By the time the press conference drew near, the Congress had picked up, to lead in 75 seats, while the half-way mark in the 222-member House (elections are still to be held for two seats ) remained out of reach for the BJP.
Surjewala pushed the Congress briefing back again, to 3.30 pm, amidst news coming from Bengaluru that the party might back the JD(S) and stake claim to form the government under H D Kumaraswamy’s chief ministership. The mood in the party office was now changed. There was still no clarity on when the Congress briefing would happen, but it was now certain it would be about the party’s claim to form the government in the state, a giant leap from a few hours earlier.

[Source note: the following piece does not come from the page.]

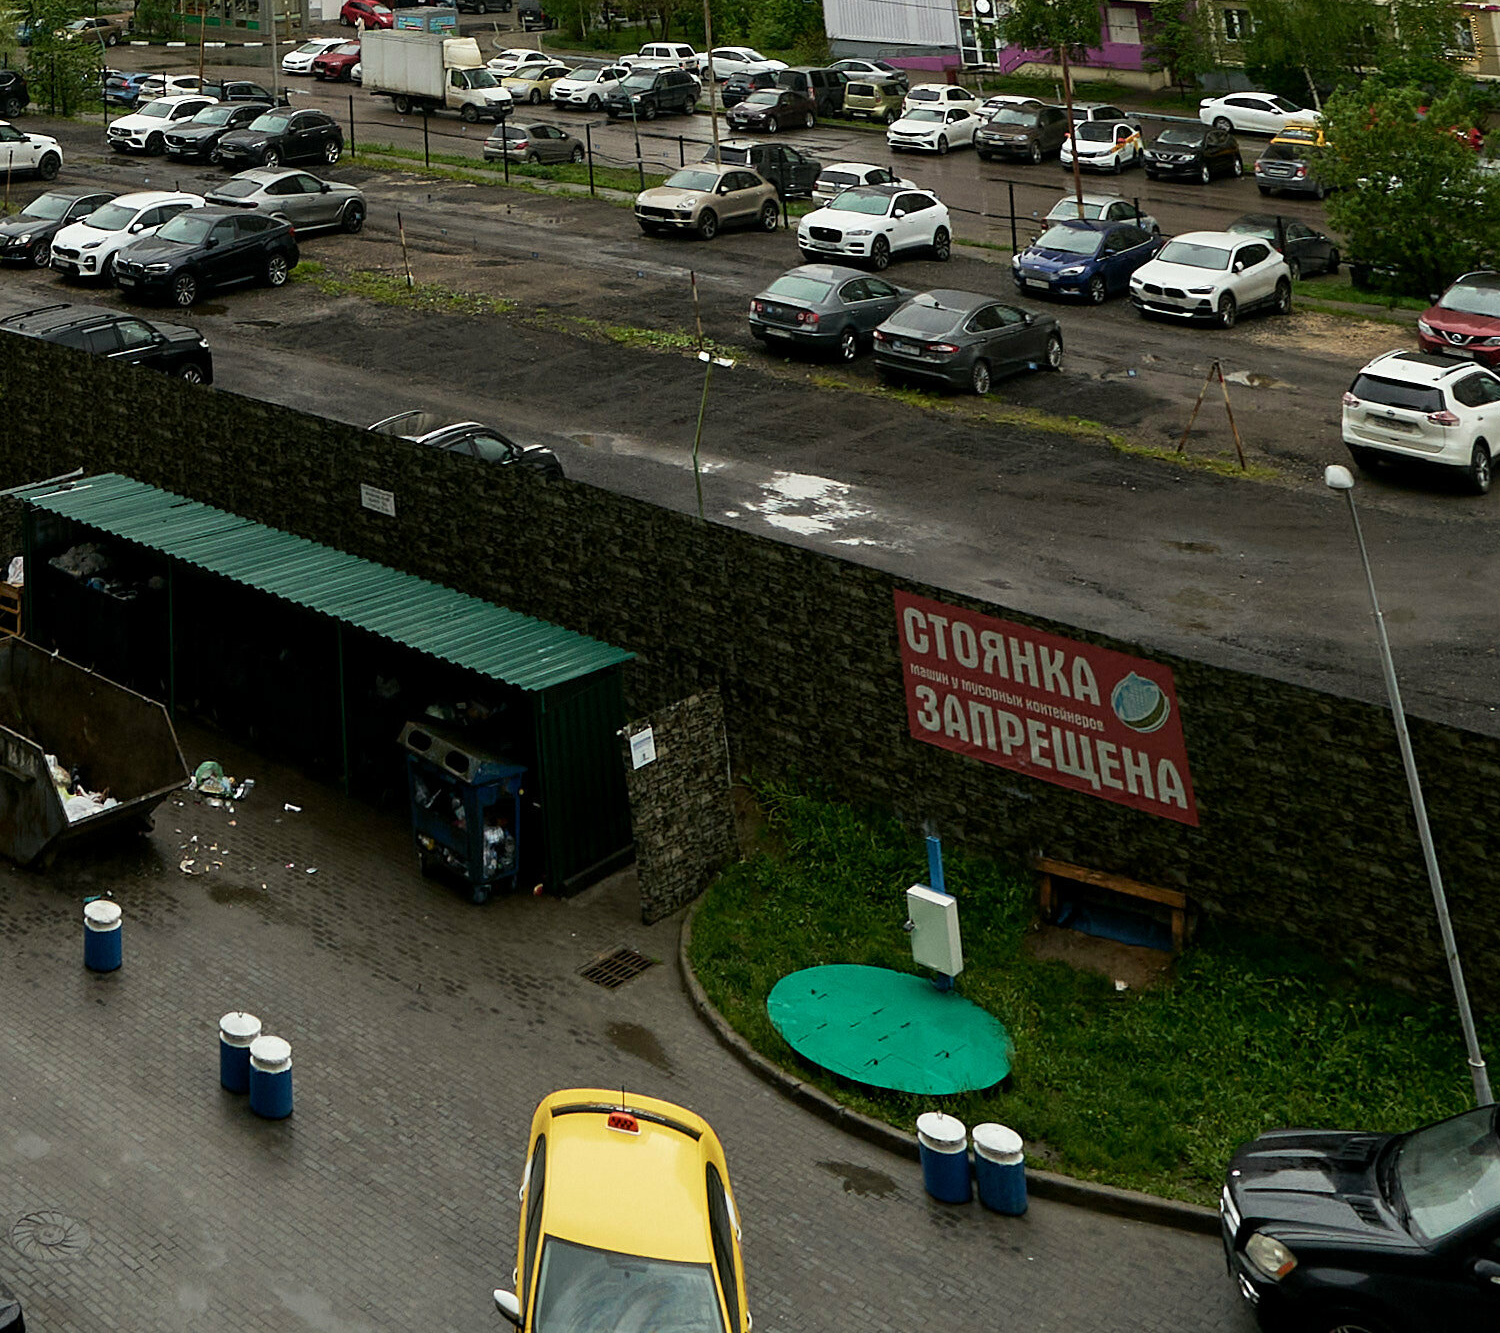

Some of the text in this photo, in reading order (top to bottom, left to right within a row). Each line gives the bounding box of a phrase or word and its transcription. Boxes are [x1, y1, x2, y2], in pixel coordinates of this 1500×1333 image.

[903, 607, 1101, 706] СТОЯНКА
[910, 663, 1104, 731] машин у мусорных контейнеров
[915, 685, 1188, 809] ЗАПРЕЩЕНА

By 3:30 pm, it was clear that Delhi would not see a press briefing till the party leaders, along with the JD(S) leadership, had met the Governor in Bengaluru. Congressmen speaking in private admitted as much, saying the situation was still fluid. The embarrassed expressions of the morning at the Congress headquarters had now turned confident but tense, at the party’s willingness and agility to spring this surprise.
At 5.30 pm, Surjewala, who was yet to appear for the press briefing, put out a series of tweets saying: “As Congress-JD(S) win 95 seats & lead in 20 seats, absolute majority for the coalition is clear. Coalition also has 56% vote share. Coalition leaders meeting the Governor shortly to stake claim as per established constitutional norms in Karnataka’s interests.”
The Congress office in Bengaluru, deserted since morning, was slightly more energised by evening. Party flags that had been brought in around noon were finally fluttering from its first-floor balcony. Workers analysed where they had gone wrong, despite an apparent lack of anti-incumbency. Was it Modi who changed things? Was it the recommendation for a minority status for the Lingayat religion that did them in? “In the last month, all of us became overconfident. We spent more time doing roadshows than going to the people,” said state party unit member Srinivasalu. “Perhaps, Siddaramaiah should not have angered the Vokkaligas that much. He should have mended fences with GT Deve Gowda,” said another party worker. “In politics, it always pays to wait,” said Srinivasalu, as talk of a deputy chief minister’s post for state Congress chief G Parameswara floated around. “And Parameswara has waited.”
While the alliance was a way to “save secularism”, there were concerns about how it would play out on the ground. “If you give your house key to the neighbour, you will be allowed in only when he agrees to open the door,” said Srinivasalu. “But that’s the way it is. Let’s see.”
The JD(S)’s office in Bengaluru remained surprisingly empty through the day. By evening, the crowds thronged the address that mattered only a little less than the Raj Bhavan: 281, Padmanabhanagar, H D Kumaraswamy’s residence in Bengaluru.